In A First For Indian Airlines, Vistara Operates A Commercial, Wide-Body Aircraft Using Sustainable Aviation Fuel

Amit Mishra

May 05, 2023, 02:02 PM | Updated 02:25 PM IST

Vistara crew operating India's first  domestic commercial flight on SAF.
Vistara crew operating India's first domestic commercial flight on SAF.

Full-service carrier Vistara, on 4 May created history by operating India's first domestic commercial flight on a wide-body aircraft using sustainable aviation fuel (SAF).

This historic feat was achieved on Vistara's brand new Boeing 787-9 Dreamliner, flying from Delhi to Mumbai, using a blend of 17 per cent SAF with 83 per cent conventional jet fuel.

The pioneering initiative helped Vistara reduce approximately 10,000 pounds of CO₂ emissions and is part of company’s ongoing efforts to minimize carbon footprint.

Earlier, last month, Vistara became the first Indian carrier to operate a wide-body aircraft on a long-haul international route using a blend of SAF when it operated the delivery flight of a Dreamliner between Charleston International Airport, South Carolina to IGI Airport, Delhi.

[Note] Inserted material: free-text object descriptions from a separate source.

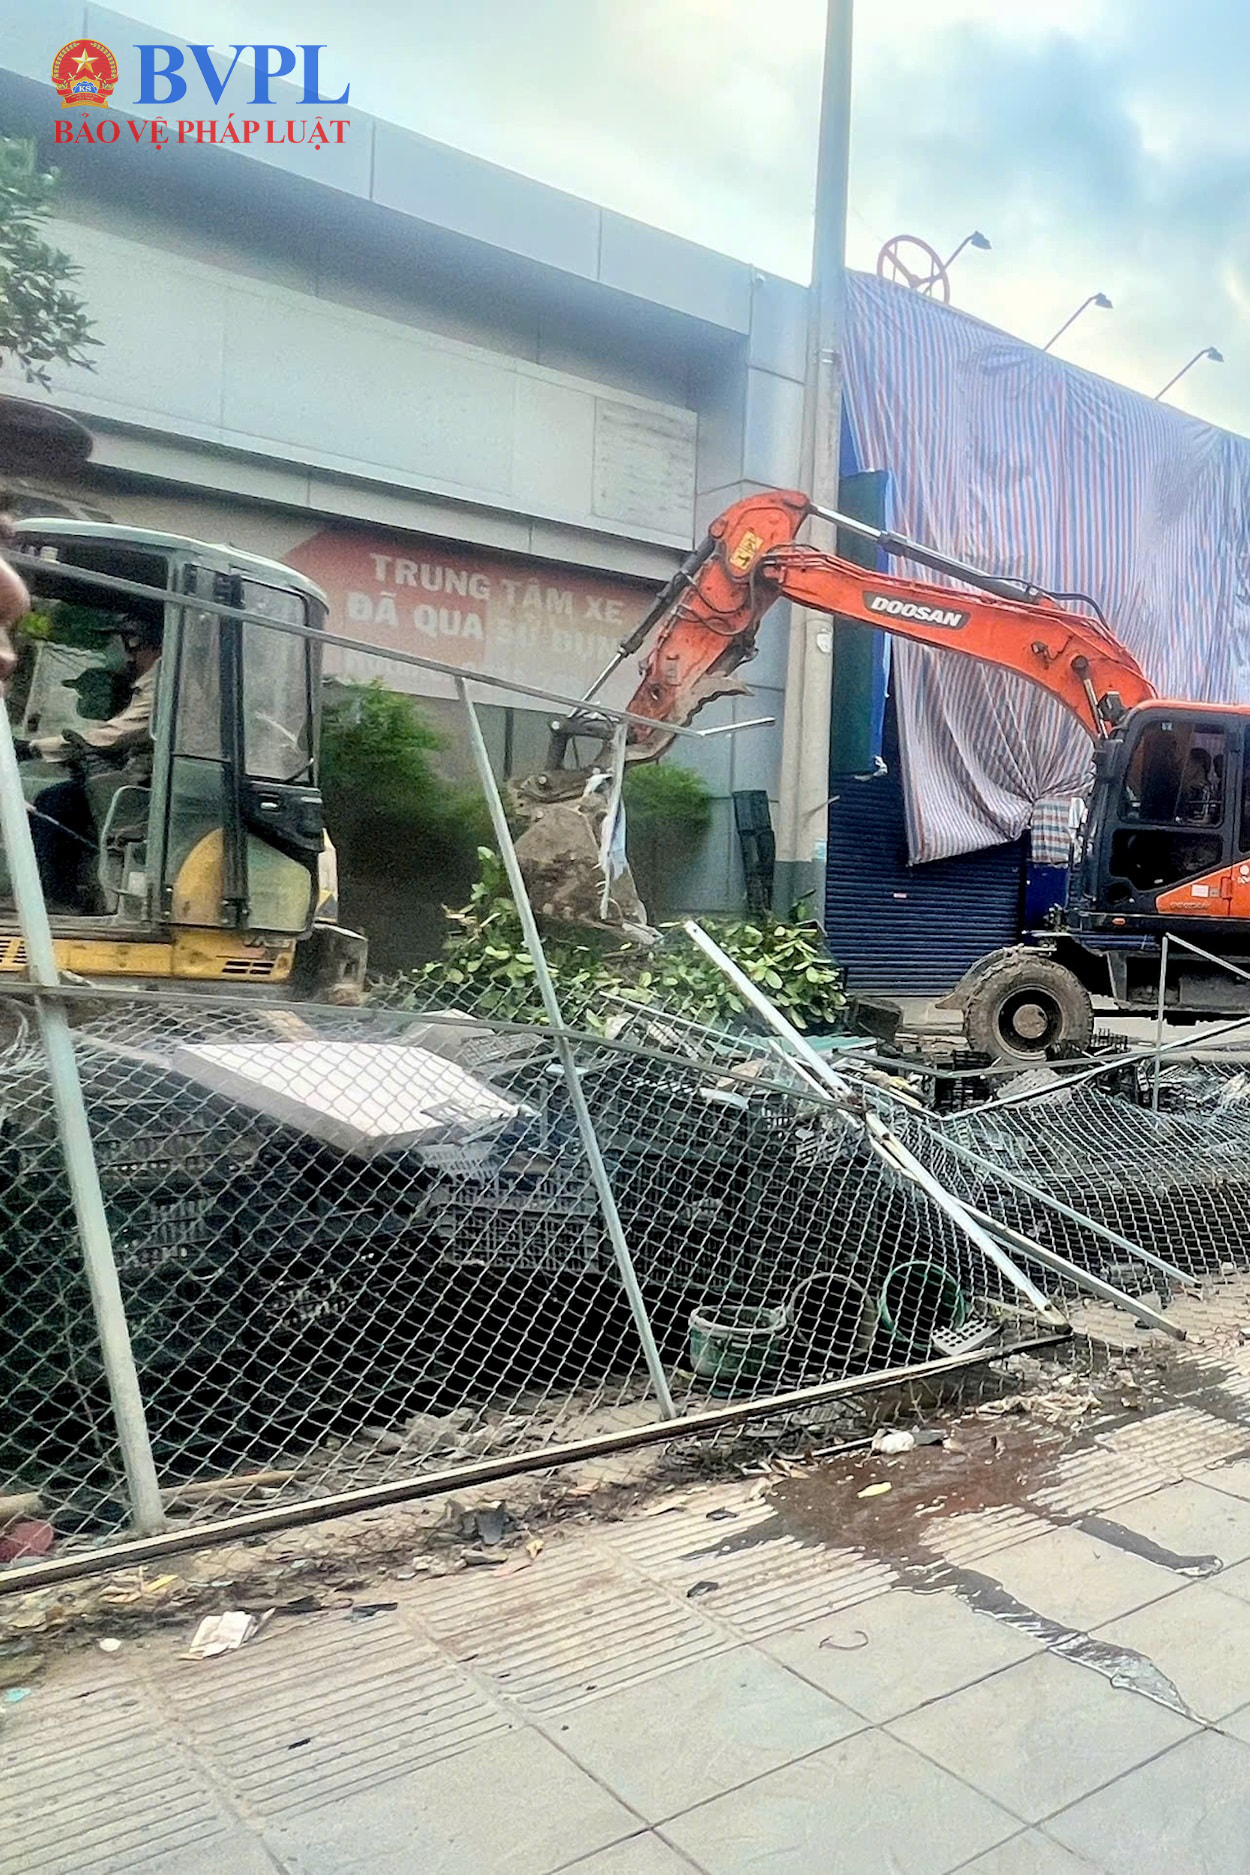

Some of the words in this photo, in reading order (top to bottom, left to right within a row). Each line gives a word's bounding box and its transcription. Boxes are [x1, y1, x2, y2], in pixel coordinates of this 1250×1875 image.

[370, 552, 491, 601] TRUNG
[502, 577, 573, 615] TÂM
[584, 594, 625, 625] XE
[871, 596, 962, 627] DOOSAN
[347, 591, 398, 628] ĐÃ
[414, 604, 484, 641] QUA
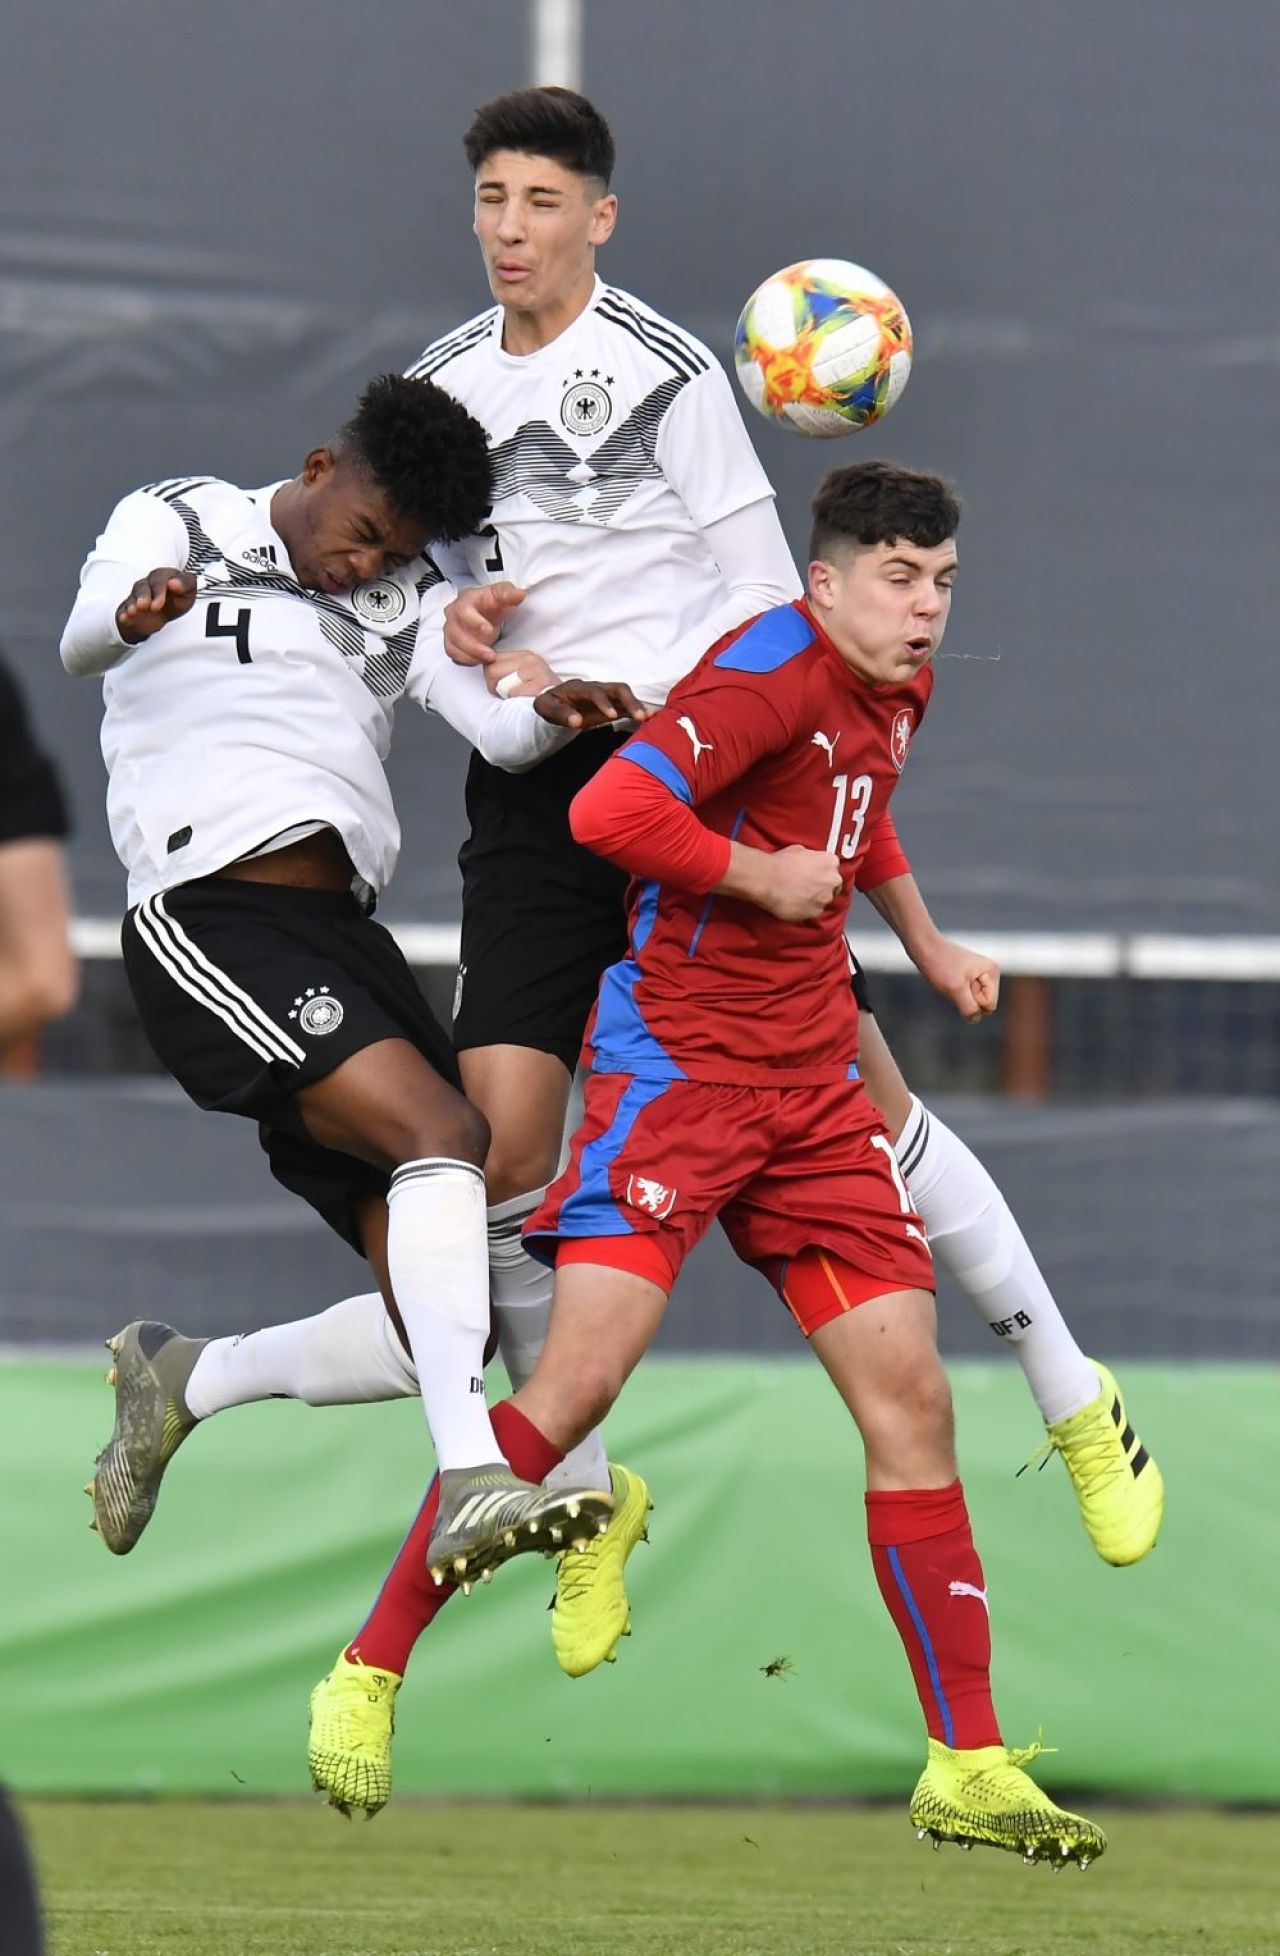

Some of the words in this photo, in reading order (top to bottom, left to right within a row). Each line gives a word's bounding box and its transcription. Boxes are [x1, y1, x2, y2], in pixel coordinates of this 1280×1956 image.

[205, 602, 253, 664] 4
[826, 774, 873, 859] 13
[870, 1135, 918, 1215] 1
[989, 1310, 1032, 1337] DFB

This ferry flight (without passengers, only operating crew) on Boeing 787-9 aircraft using a blend of 30 per cent SAF with 70 per cent conventional jet fuel helped Vistara reduce about 1.5 lakh pounds of CO₂ emissions over the fuel’s life cycle.

Vistara CEO Vinod Kannan said, “We have always been committed to driving sustainability and innovation in aviation, and are delighted to carry out yet another industry-first initiative of operating a commercial flight on a wide-body using SAF. We are thankful to our partners and the relevant authorities for their support.”

What is SAF

SAF is a clean substitute for fossil jet fuels. Rather than being refined from petroleum, SAF is produced from sustainable resources such as waste oils from a biological origin, agri-residues, municipal solid wastes or algae. 

SAF can reduce Carbon dioxide emissions by as much as 65 per cent over the fuel’s life cycle with the potential to reach 100 per cent in future. It is recognised as offering the most immediate and greatest potential to decarbonise aviation over the next 20-30 years.

The International Civil Aviation Organization (ICAO) last year adopted a target to cut emissions to net zero by 2050, and SAF has long been seen as the industry’s fastest way to reduce emissions.

Mile markers

The path to airlines using SAF has been a long one. From the first tentative test flight in 2008, to the first commercial flight using SAF in 2011, this year will see the world’s first net zero transatlantic flight using 100 per cent SAF.

In 2023, one of Virgin Atlantic’s flagship Boeing 787s, powered by Rolls-Royce Trent 1000 engines, will take off from London Heathrow and make the journey to New York’s John F Kennedy Airport using solely sustainable aviation fuel.

As on date, Airbus and Boeing aircraft are capable of flying with up to a 50 per cent blend of SAF. Both the manufacturers aim to enable 100 per cent SAF capability by 2030.

Among Indian carriers, IndiGo on 18 Feb 2022 operated its A320 NEO flight from Toulouse, France to New Delhi with 10 per cent blend of sustainable aviation fuel under the IndiGo Green initiative.

Similarly, SpiceJet had conducted a demonstration flight with Bombardier Q400 aircraft in August 2018 using bio-fuel blended with Aviation fuel (in the ratio of 25:75) in one engine.

Vistara, along with other airline companies of the TATA group, has been working extensively towards reduction of carbon emissions through use of sustainable technologies.

Last year, they had signed an MoU with the Council of Scientific and Industrial Research - Indian Institute of Petroleum to collaborate on the research, development and deployment of sustainable aviation fuels.

Vistara is also working through the Carbon Offsetting and Reduction Scheme for International Aviation (CORSIA), to lower Carbon dioxide emissions for international flights and to curb the industry’s impact on climate change.

However, the main issue remains sustainable availability of SAF — in terms of regularly getting the required quantity of this fuel. India, like other countries, is trying to increase the same as aviation aims to become carbon neutral or net zero by 2050, with significant cuts having achieved by 2030.